Is your partner a Narcissist or just selfish?
(This Q&A was originally featured in the #AskAthena Self-Help Column in Cosmopolitan Magazine)
I love your column. I thought I should write in because I feel like my boyfriend is so selfish.
I feel like my life revolves around him.
What he loves.
What he looks like (he is so insecure – I have to make him feel better all the time).
What he wants to do and if we do something that I pick and it isn’t a 100% perfect then he complains!
I always feel that I need to remind him that I exist and that my needs are important too. If I say something about how I feel he often shuts me down or tells me that I’m being crazy. I feel like he pretends to care about me but actually all he cares about is him. I feel so sad and heartbroken. How could I have fallen in love with him? Why has he changed so much? He never behaved like this at the beginning of our relationship. -Anonymous
It sounds like you are having an incredibly difficult time with your boyfriend, which is leaving you feeling lonely, heartbroken, angry and stuck. The best step forward is to begin to evaluate why you are in this relationship. What’s keeping you there? I know that there must be a multitude of factors that you didn’t write about, so it is important to reflect on what your motives are for staying in this relationship. This is not a judgement to say that you should leave but rather a question to determine what you are gaining from this relationship and what role you are playing. This is best worked out with a licensed psychologist. That said there are a few red flags here, indicating that your boyfriend is displaying narcissist tendencies*. I would like you to read the following questions and tick the ones (if any) that are indicative of your boyfriend.
Does your boyfriend:
Require constant admiration?
Behave in an arrogant manner?
Expect special favors (from you and others) and then assume unquestioning agreement with these expectations?
Does he have a sense of entitlement?
Do you feel like he takes advantage of you or others to get what he wants?
Expect to be recognized as superior?
Exaggerate his achievements and talents?
Is he preoccupied with fantasies about success, power, brilliance and or beauty?
Does he recognize the needs and feelings of other people?
Is he envious of people or believe that other people are secretly envious of him?

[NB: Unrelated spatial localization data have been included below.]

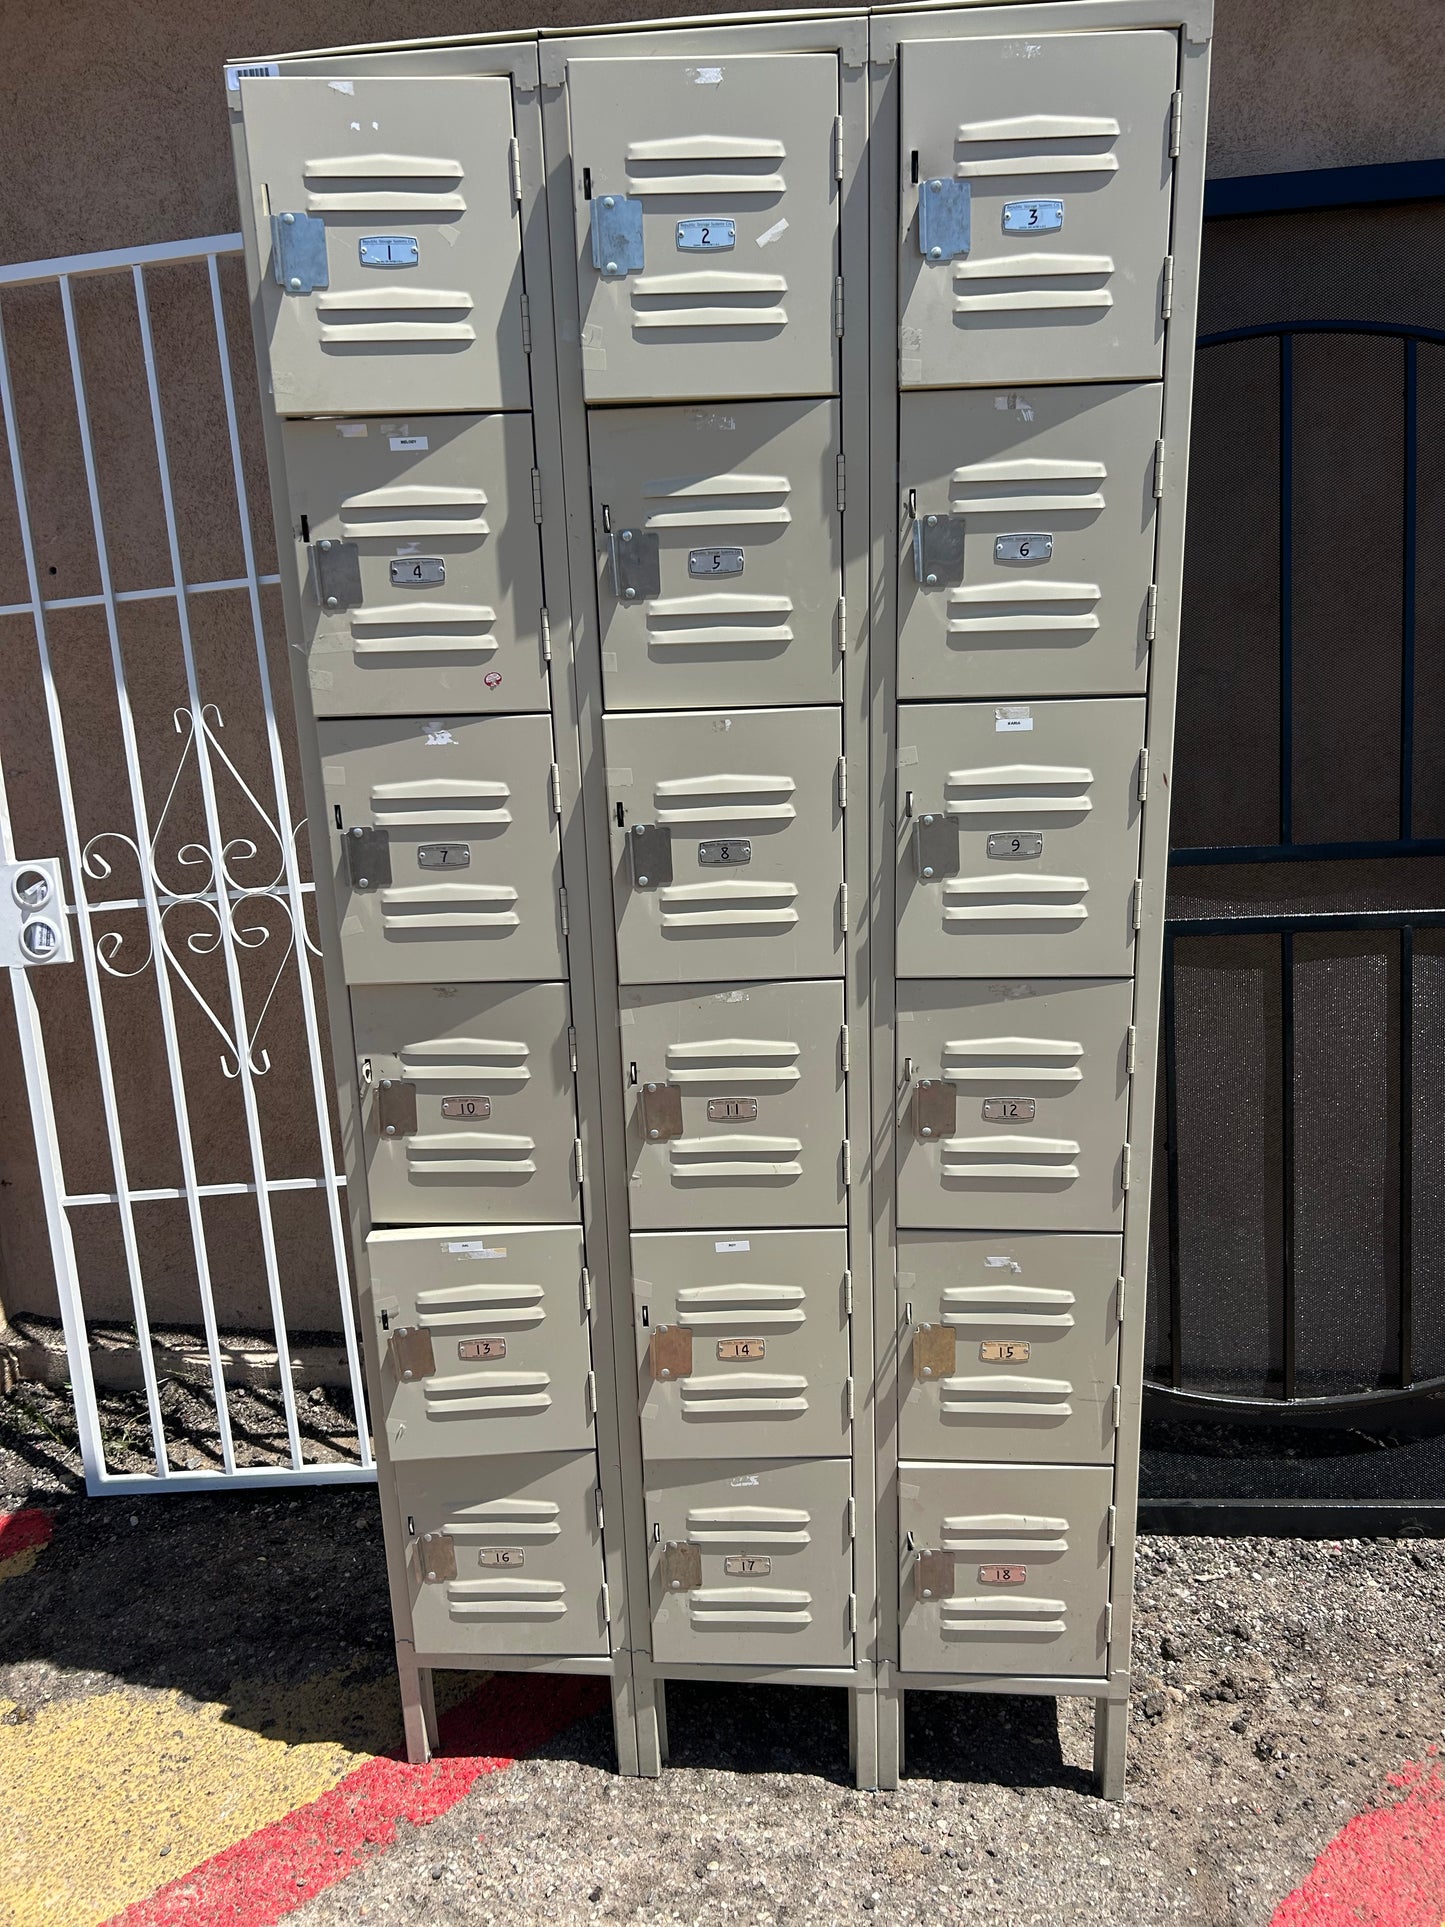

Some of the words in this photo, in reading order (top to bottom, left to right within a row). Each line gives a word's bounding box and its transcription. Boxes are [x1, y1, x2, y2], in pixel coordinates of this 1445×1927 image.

[1027, 208, 1038, 226] 3
[701, 227, 711, 244] 2
[387, 244, 392, 261] 1
[1019, 541, 1030, 557] 6
[712, 555, 721, 570] 5
[413, 564, 423, 579] 4
[1011, 838, 1021, 852] 9
[439, 850, 449, 863] 7
[720, 846, 730, 860] 8
[460, 1102, 475, 1116] 10
[726, 1103, 739, 1116] 11
[1003, 1103, 1018, 1117] 12
[476, 1343, 491, 1356] 13
[735, 1343, 750, 1356] 14
[999, 1346, 1014, 1359] 15
[496, 1552, 510, 1563] 16
[742, 1560, 755, 1572] 17
[996, 1569, 1011, 1580] 18

Does he have an exaggerated sense of self-importance?
Does he lack empathy?
Does he require admiration all the time by everyone?
If you ticked more than 6 of the questions above then it is highly likely that your partner is displaying narcissistic propensities. NB: *Please note that this is not a diagnosis.
You and your boyfriend will need to work with a licensed psychologist who can do a full intake assessment in order to make a valid diagnosis.*
Just know that you are not alone in this.
Your needs are worthy of attention and action and you do not need to make people need you in order to receive love.
You are worthy of being in a partnership that is based on mutual respect, love and empathy.
I highly recommend seeking individual counselling to help support you in your process of understanding yourself and your partner better.